While we were eating our pizza, Lakshmi developed a red rash on her face.  I have never seen anything like this with her.  My friend Dawn said that she gave her a bit of tomato while I was getting pizza, and assumed that Lakshmi had it before since she is a big salad eater.  I can't really remember if she has had tomato. Hard to imagine since I love tomatoes so much.  I am sure, that she isn't allergic to tomatoes.  Maybe it was the cheese?  Never the less, I put gel on it and put her to bed.  I climbed into the bed a little while ago with a flashlight to see how her rash looked, and it has faded almost entirely.  I was quite relieved.  I have never seen such a rash on her.

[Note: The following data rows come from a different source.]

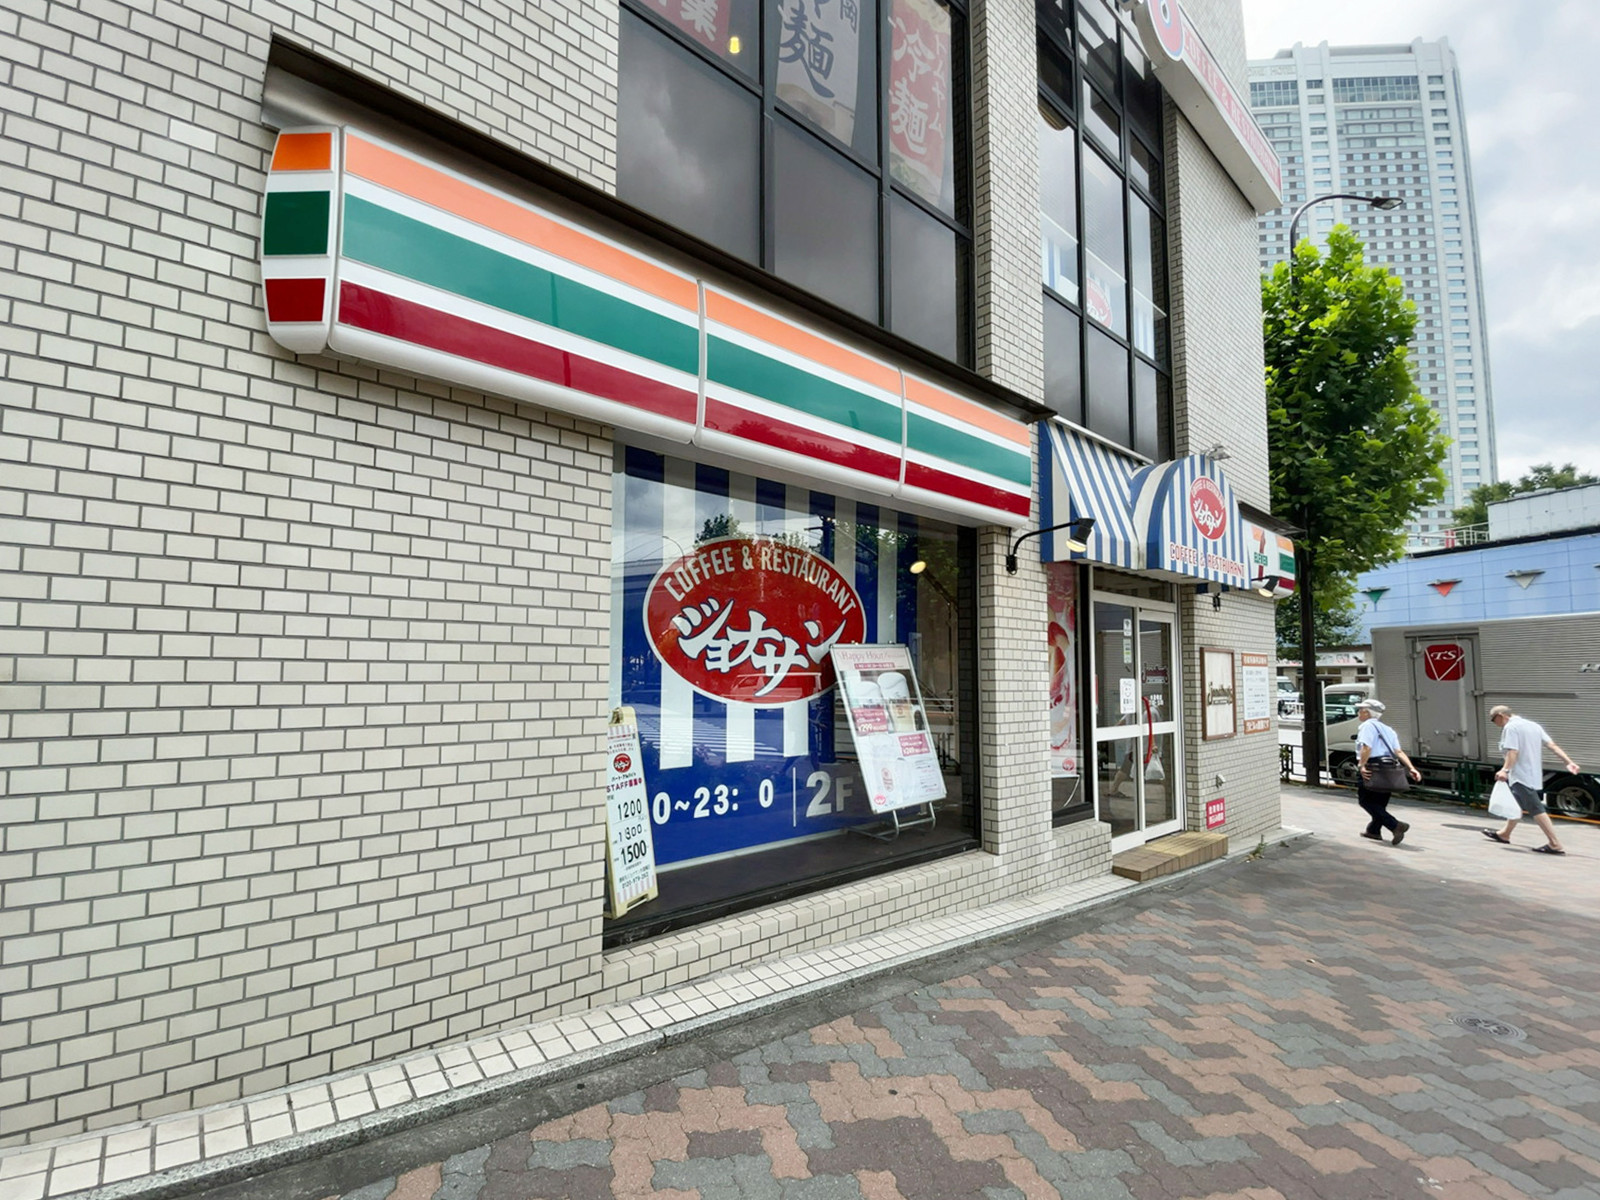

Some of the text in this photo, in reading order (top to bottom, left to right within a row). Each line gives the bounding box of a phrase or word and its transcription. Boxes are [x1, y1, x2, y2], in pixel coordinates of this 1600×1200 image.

[779, 0, 835, 98] 麺
[888, 15, 934, 155] 冷麺
[664, 547, 857, 616] COFFEE & RESTAURANT
[1170, 543, 1245, 578] COFFEE & RESTAURANT
[671, 597, 846, 697] ジョナサン
[617, 798, 642, 821] 1200
[806, 771, 853, 817] 2F
[620, 839, 647, 866] 1500

Priya did nothing but eat the entire time.  Today I took Ravi and Priya to the doctor, Ravi for the t-b skin titer, and Priya so the doctor could assure me that she is gaining weight appropriately.  He said she was just right, thin for sure due to her biological parents, but that she had to be eating right since she was gaining on the curve just right.  She was however still on the 5th percentile, but he wasn't worried about it at all.  He didn't even charge me for the appointment, and after all of that, i will stop worrying about her for a while.  She is now 34 inches and 24.3 lbs.  I weighed Lakshmi too, since she was there ,and she was 26.2 lbs.!  Both of my girls are doing much better than I thought, so I am much relieved to know they are fine.  Since they are both tiny (but Lakshmi is chunkier than Priya) I have been very cautious in feeding them, to make sure they get offered all the food groups at every meal.  Makes mealtimes harder, but they will only be toddlers for a while, and toddlers generally only eat a3 or so teaspoons of each food per meal.  I find that generally true with Priya while Lakshmi will chow down much more.

Ravi tried his best not to scream and have a fit while getting the t.b. titer, but my goodness, it was like holding down a horse!  He screamed at the nurse, "you're killing me!".  LOL!  She laughed and it was over with right away.  Before we went, Ravi practiced saying, "that wasn't so bad" and so I reminded him about it and he said it.  He also calmed down right away!  Whew!

December 9th
Today, the kids and I spent the day driving in the car.  We went to the doctors office to have Ravi's t.b. test read, (negative!), then went to the fabric store to pick up more fabric and notions for Pancha Ganapathi (which is a Hindu holiday from December 21 - 25th). Each day we will decorate  Pancha Ganapathi (five faced Ganesha; deity who removes obstacles) with a different coloured outfit, give him gifts, and do one Sadhana (spiritual discipline).  This is a fun holiday for the children, as they get to help dress Ganapathi, and they also receive gifts on the last day of this festival.

While I was there, I saw this tiny sewing machine called "Sew Cute" made by White Sewing Co.  It was $24.99, so I got it!  Looks like something for a teen, but I think I can use it for hemming and small projects.  Hope it works!